> WHAT THIS TASK INVOLVES
To complete this task, print all the data below exactly but leave out the images.

*** Opening of RECORD EXTRACTS ***

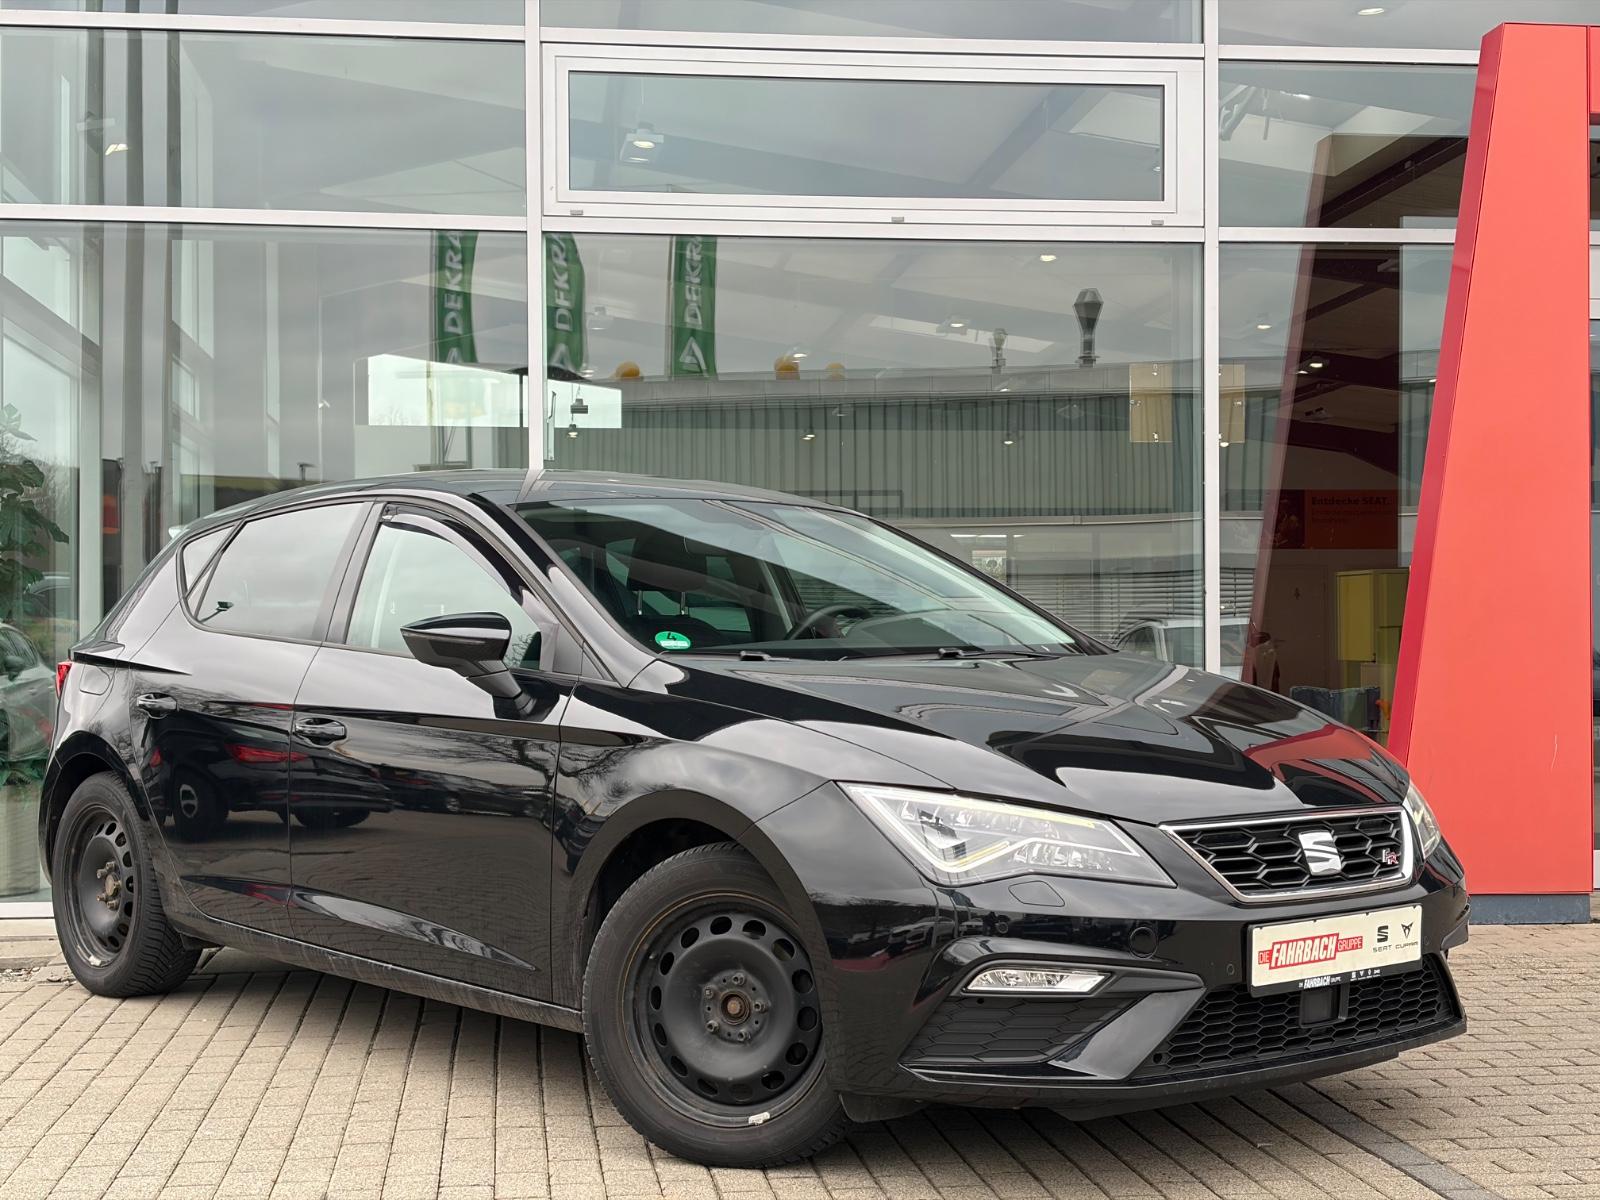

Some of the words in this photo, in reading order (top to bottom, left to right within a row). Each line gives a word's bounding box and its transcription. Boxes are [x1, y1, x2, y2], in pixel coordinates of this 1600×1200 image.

[1258, 951, 1270, 965] DIE
[1271, 935, 1338, 968] FAHRBACH
[1338, 937, 1363, 952] GRUPPE
[1372, 944, 1393, 953] SEAT
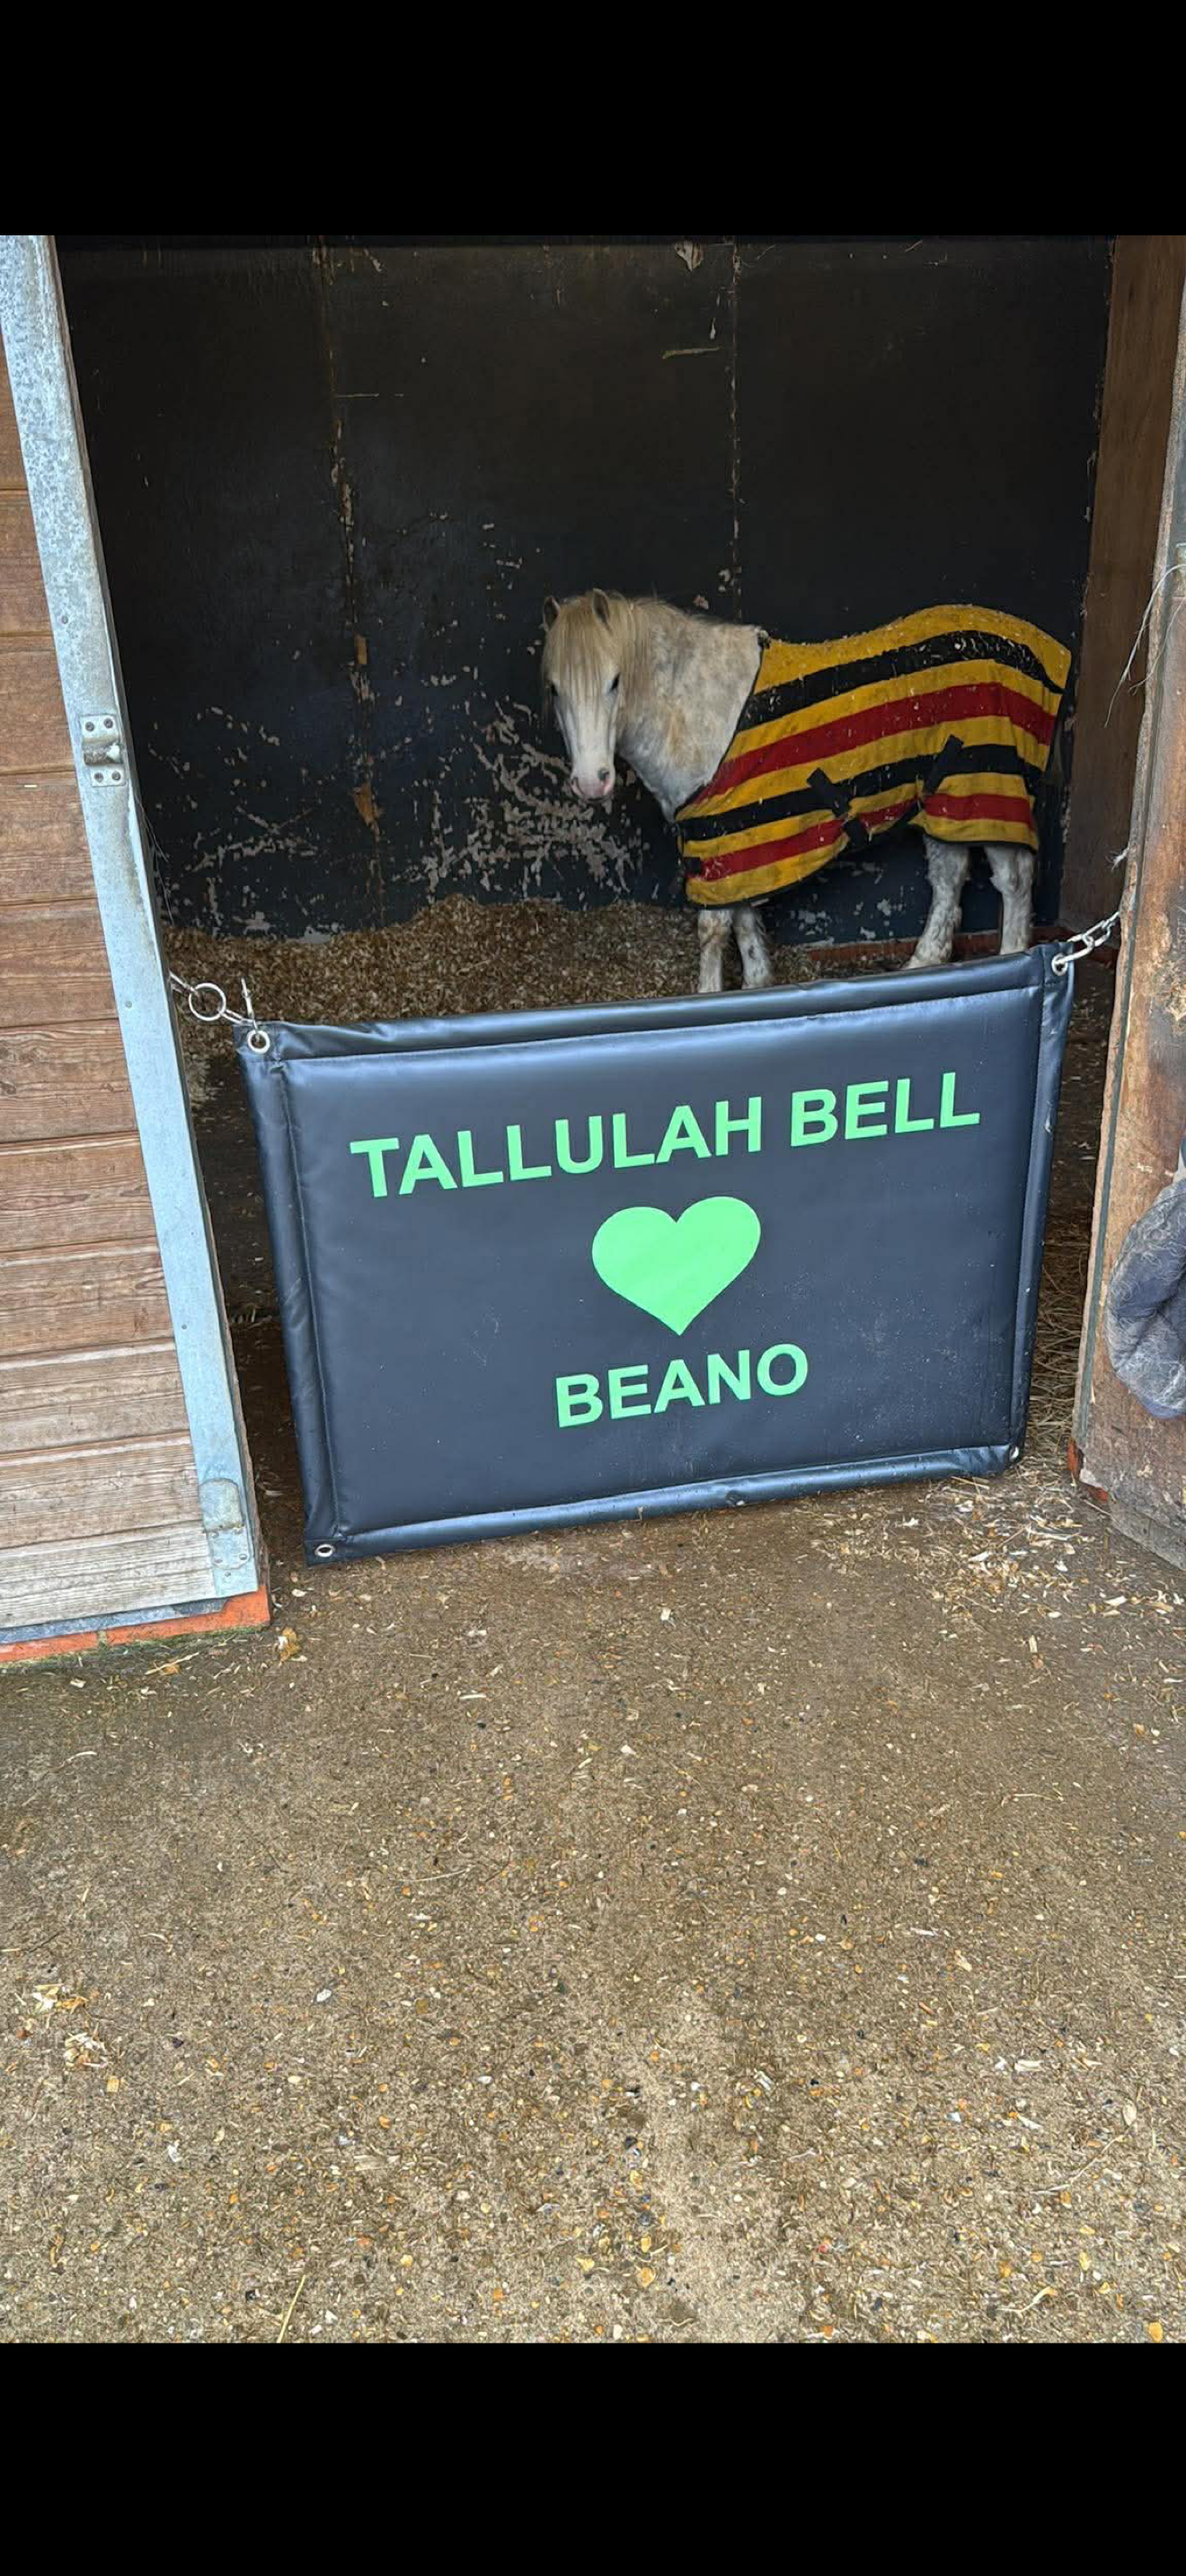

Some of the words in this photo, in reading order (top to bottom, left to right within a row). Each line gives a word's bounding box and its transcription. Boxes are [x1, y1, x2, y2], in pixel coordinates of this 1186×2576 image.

[350, 1096, 764, 1198] TALLULAH
[790, 1072, 980, 1148] BELL
[554, 1344, 809, 1427] BEANO
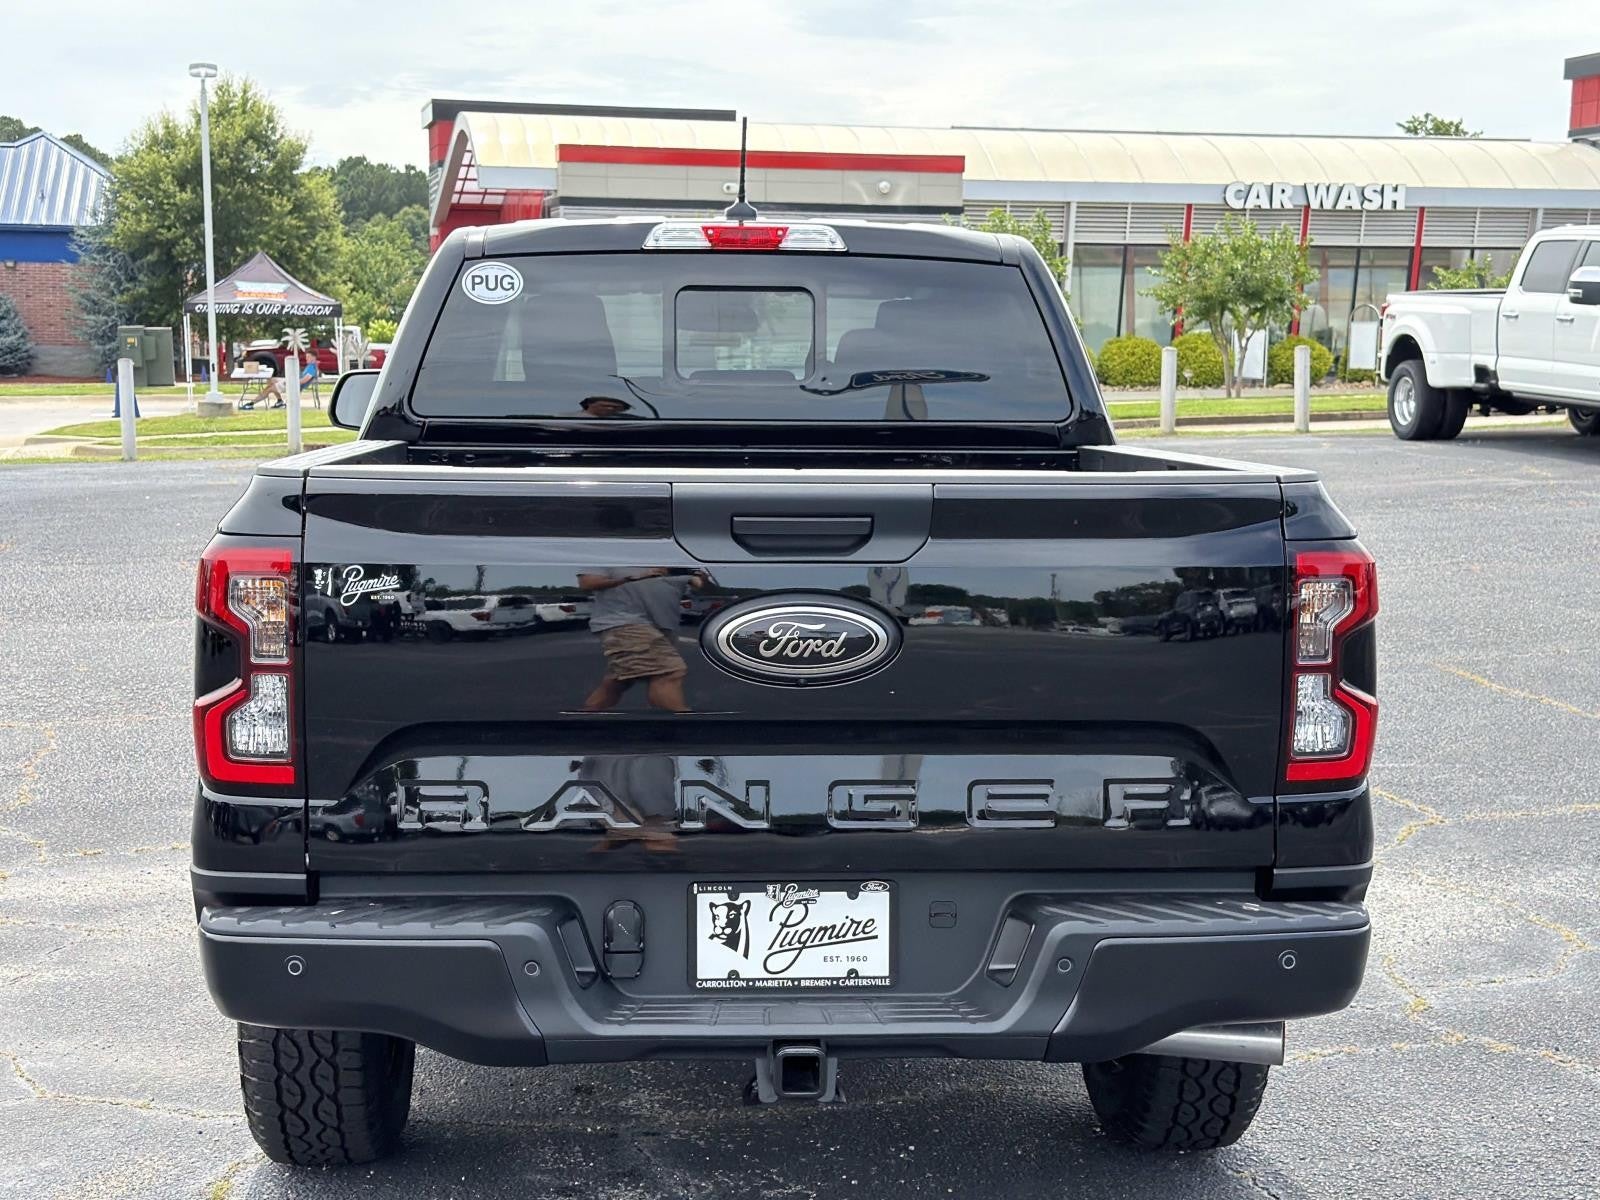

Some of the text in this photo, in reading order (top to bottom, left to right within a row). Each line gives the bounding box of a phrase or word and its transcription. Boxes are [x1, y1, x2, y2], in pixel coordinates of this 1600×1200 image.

[1224, 181, 1407, 210] CAR WASH
[471, 274, 515, 291] PUG
[241, 303, 254, 314] IS
[256, 302, 281, 314] OUR
[282, 304, 333, 315] PASSION
[340, 564, 400, 606] Pugmire
[758, 621, 848, 658] Ford
[397, 778, 1194, 830] RANGER
[763, 901, 879, 974] Pugmire
[823, 955, 869, 963] EST. 1960
[695, 978, 891, 988] CARROLLTON MARIETTA BREMEN CARTERSVILLE
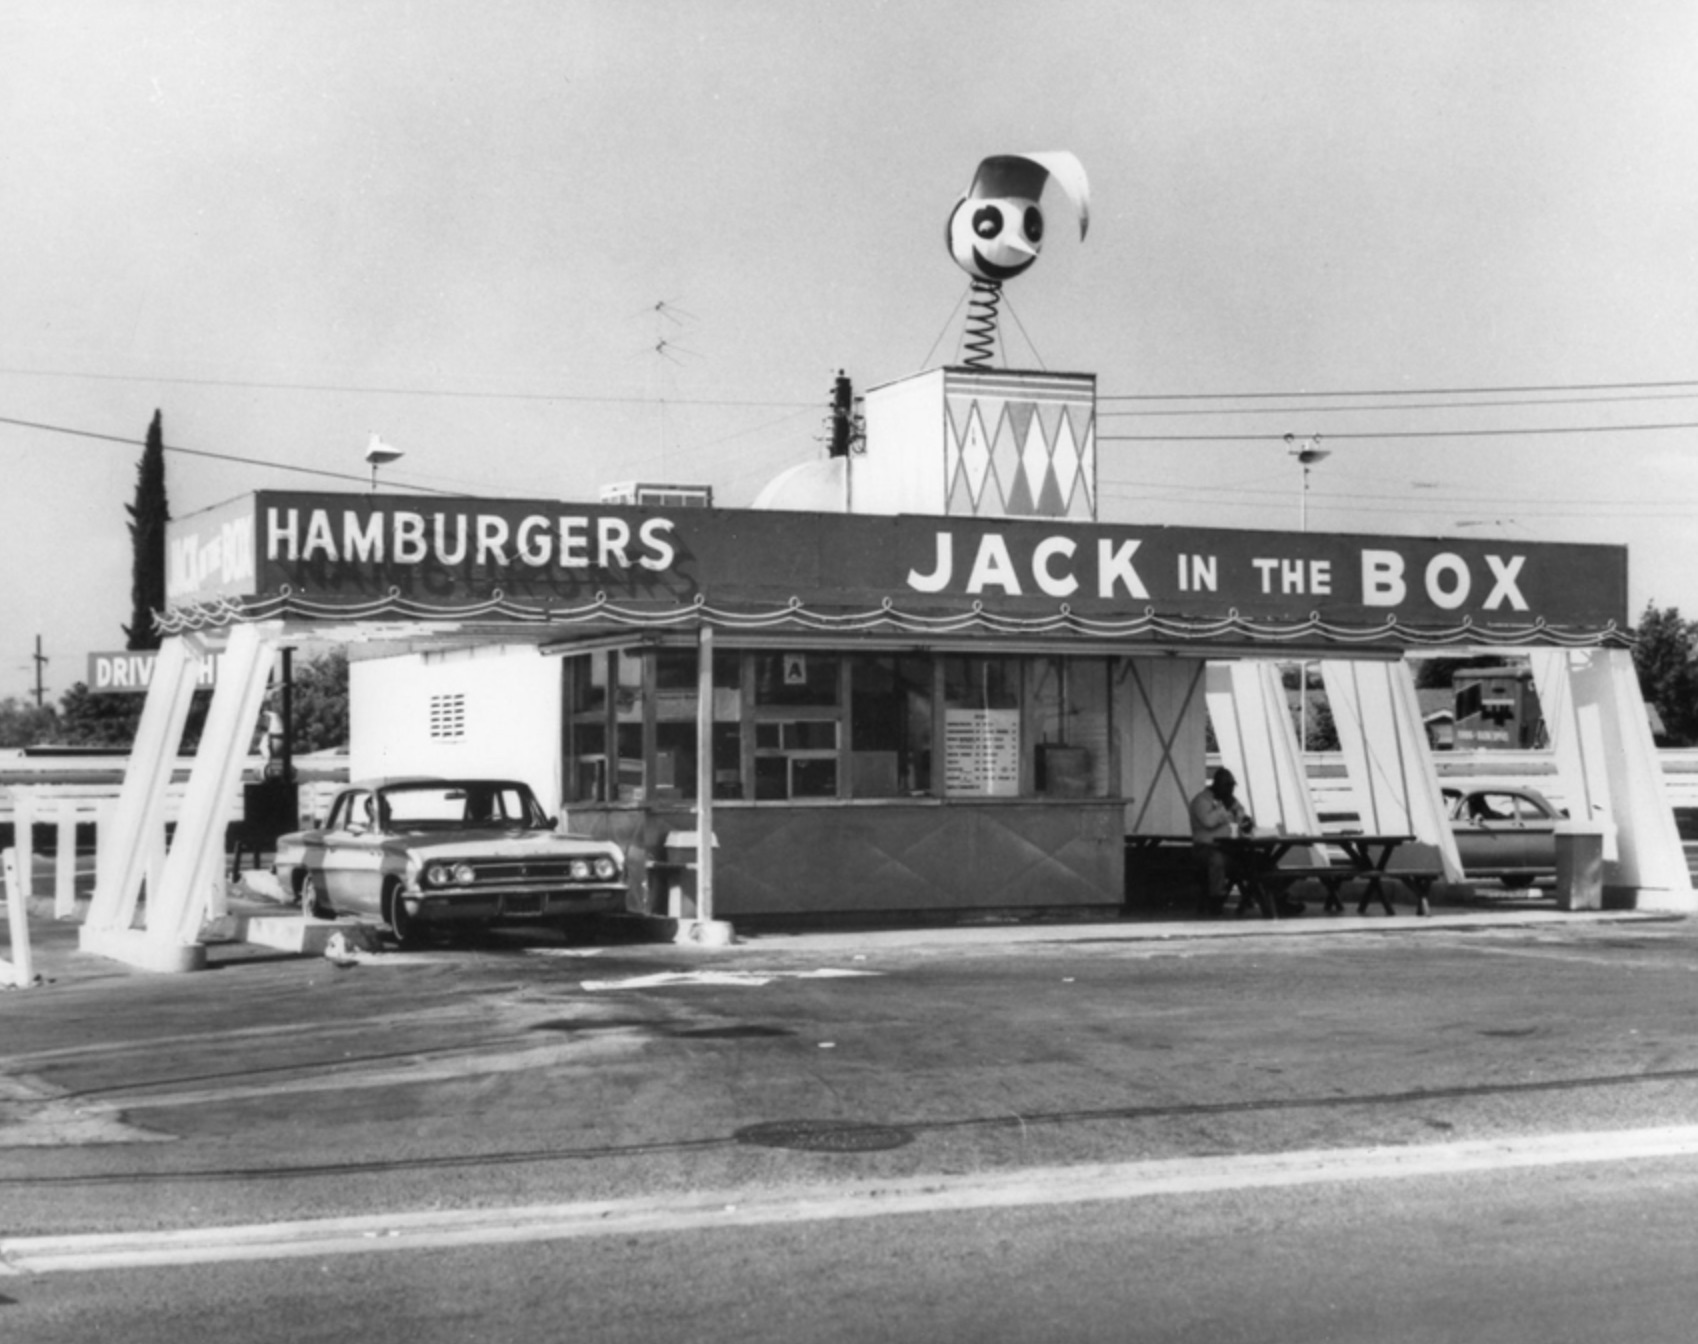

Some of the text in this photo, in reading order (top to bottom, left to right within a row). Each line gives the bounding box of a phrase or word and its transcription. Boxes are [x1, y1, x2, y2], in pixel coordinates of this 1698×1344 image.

[267, 507, 675, 571] HAMBURGERS
[906, 532, 1530, 611] JACK IN THE BOX
[96, 656, 157, 687] DRIV
[788, 662, 802, 678] A

*** Close of RECORD EXTRACTS ***

> EXERCISE SOLUTION
Some of the words in this photo, in reading order (top to bottom, left to right within a row). Each line gives a word's bounding box and its transcription. Boxes are [x1, y1, x2, y2], in pixel coordinates of this 1600×1200 image.

[1258, 951, 1270, 965] DIE
[1271, 935, 1338, 968] FAHRBACH
[1338, 937, 1363, 952] GRUPPE
[1372, 944, 1393, 953] SEAT

Some of the words in this photo, in reading order (top to bottom, left to right within a row). Each line gives a word's bounding box and its transcription. Boxes are [x1, y1, x2, y2], in pixel coordinates of this 1186×2576 image.

[350, 1096, 764, 1198] TALLULAH
[790, 1072, 980, 1148] BELL
[554, 1344, 809, 1427] BEANO

Some of the text in this photo, in reading order (top to bottom, left to right within a row). Each line gives the bounding box of a phrase or word and its transcription. Boxes are [x1, y1, x2, y2], in pixel coordinates of this 1600×1200 image.

[1224, 181, 1407, 210] CAR WASH
[471, 274, 515, 291] PUG
[241, 303, 254, 314] IS
[256, 302, 281, 314] OUR
[282, 304, 333, 315] PASSION
[340, 564, 400, 606] Pugmire
[758, 621, 848, 658] Ford
[397, 778, 1194, 830] RANGER
[763, 901, 879, 974] Pugmire
[823, 955, 869, 963] EST. 1960
[695, 978, 891, 988] CARROLLTON MARIETTA BREMEN CARTERSVILLE

Some of the text in this photo, in reading order (top to bottom, left to right within a row). Each line gives the bounding box of a phrase or word and its transcription. Boxes are [x1, y1, x2, y2], in pixel coordinates of this 1698×1344 image.

[267, 507, 675, 571] HAMBURGERS
[906, 532, 1530, 611] JACK IN THE BOX
[96, 656, 157, 687] DRIV
[788, 662, 802, 678] A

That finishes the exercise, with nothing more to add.